[Exercise prompt] Set down a true copy of the data, with all pictures left out.

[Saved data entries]

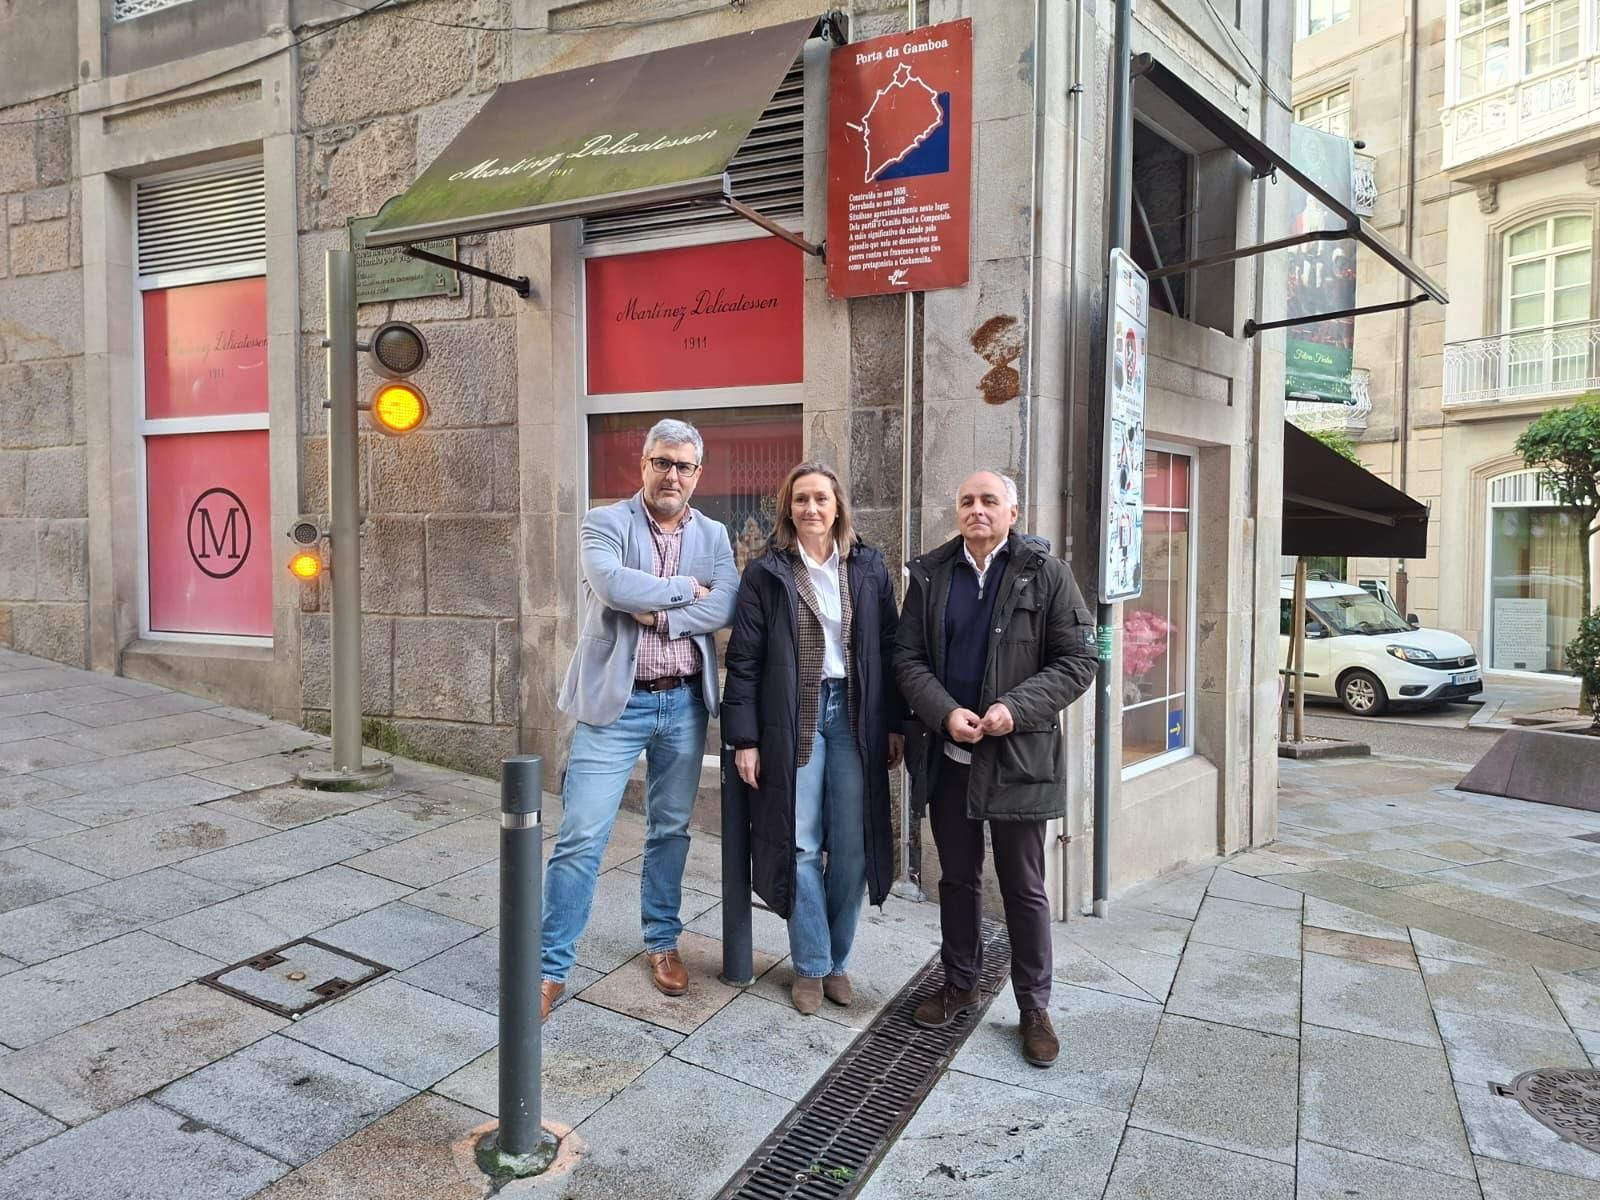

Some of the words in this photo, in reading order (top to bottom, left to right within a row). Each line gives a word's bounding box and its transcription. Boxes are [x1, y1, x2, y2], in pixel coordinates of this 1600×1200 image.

[856, 52, 882, 65] Porta
[885, 46, 899, 58] da
[903, 39, 949, 55] Gamboa
[566, 129, 718, 158] Delicatessen
[690, 287, 778, 316] Delicatessen
[684, 336, 707, 350] 1911
[197, 507, 241, 559] M
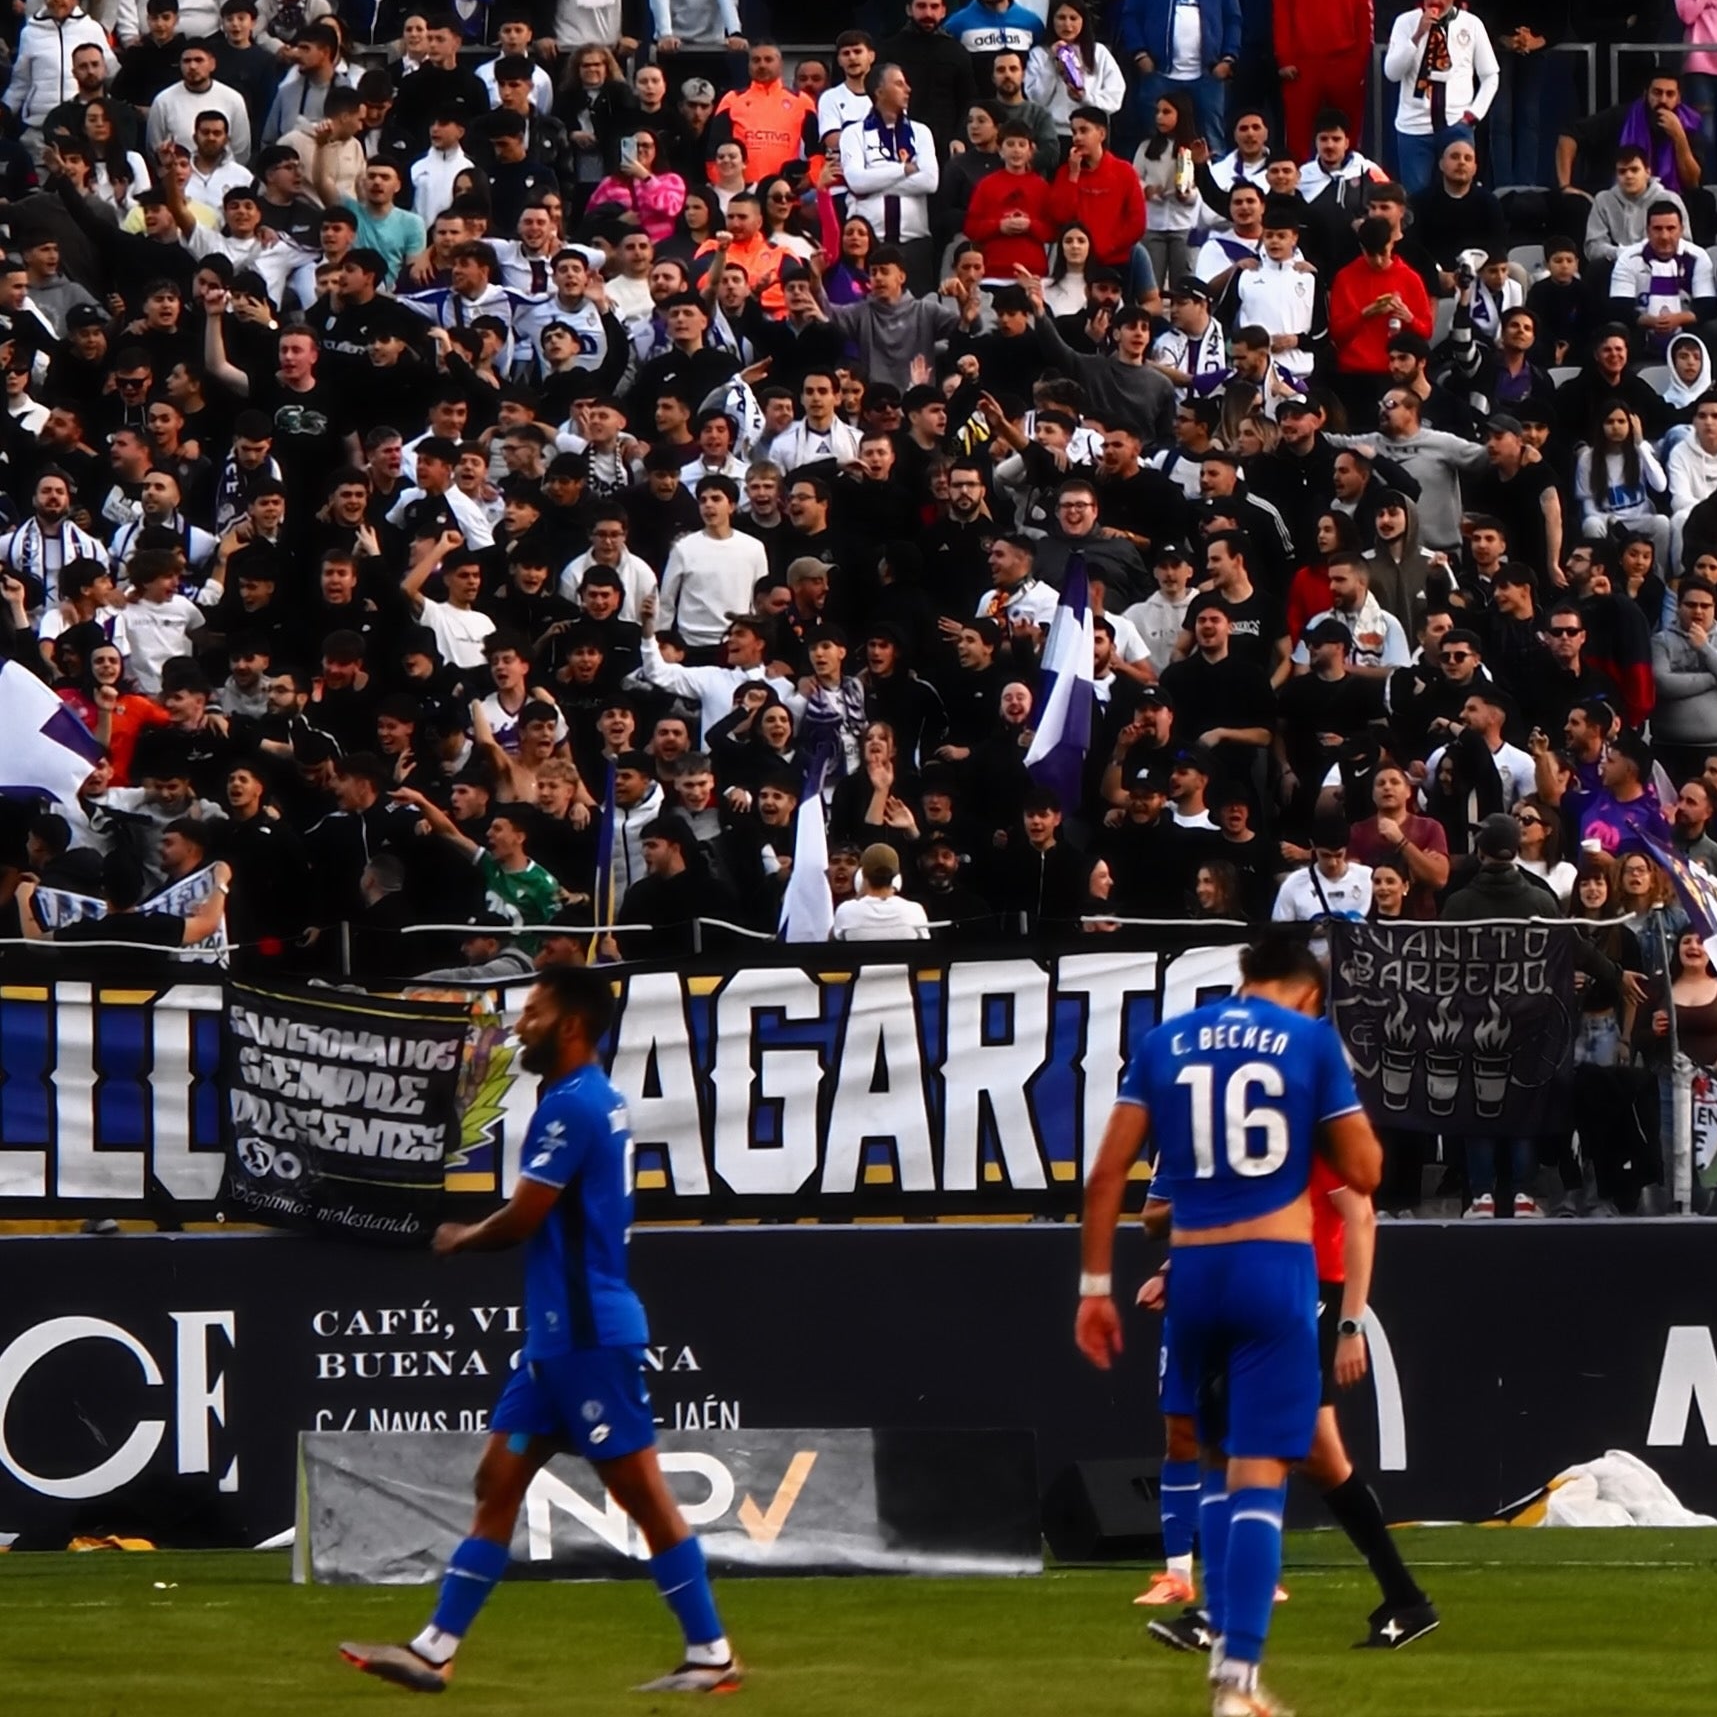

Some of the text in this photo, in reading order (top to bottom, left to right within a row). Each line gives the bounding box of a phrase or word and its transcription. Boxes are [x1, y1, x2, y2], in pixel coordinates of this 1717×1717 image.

[Solution for this problem]
Some of the words in this photo, in reading order (top to bottom, left to right within a row). Each line gives a word's bounding box and its transcription. Boxes are [x1, y1, x2, y2], in pixel coordinates of this 1600×1200 image.

[856, 52, 882, 65] Porta
[885, 46, 899, 58] da
[903, 39, 949, 55] Gamboa
[566, 129, 718, 158] Delicatessen
[690, 287, 778, 316] Delicatessen
[684, 336, 707, 350] 1911
[197, 507, 241, 559] M

Some of the text in this photo, in reading order (top to bottom, left to right within a row). Each line gives the bounding box of a phrase or word and its transcription. Boxes are [x1, y1, x2, y2], in pixel coordinates of this 1717×1717 image.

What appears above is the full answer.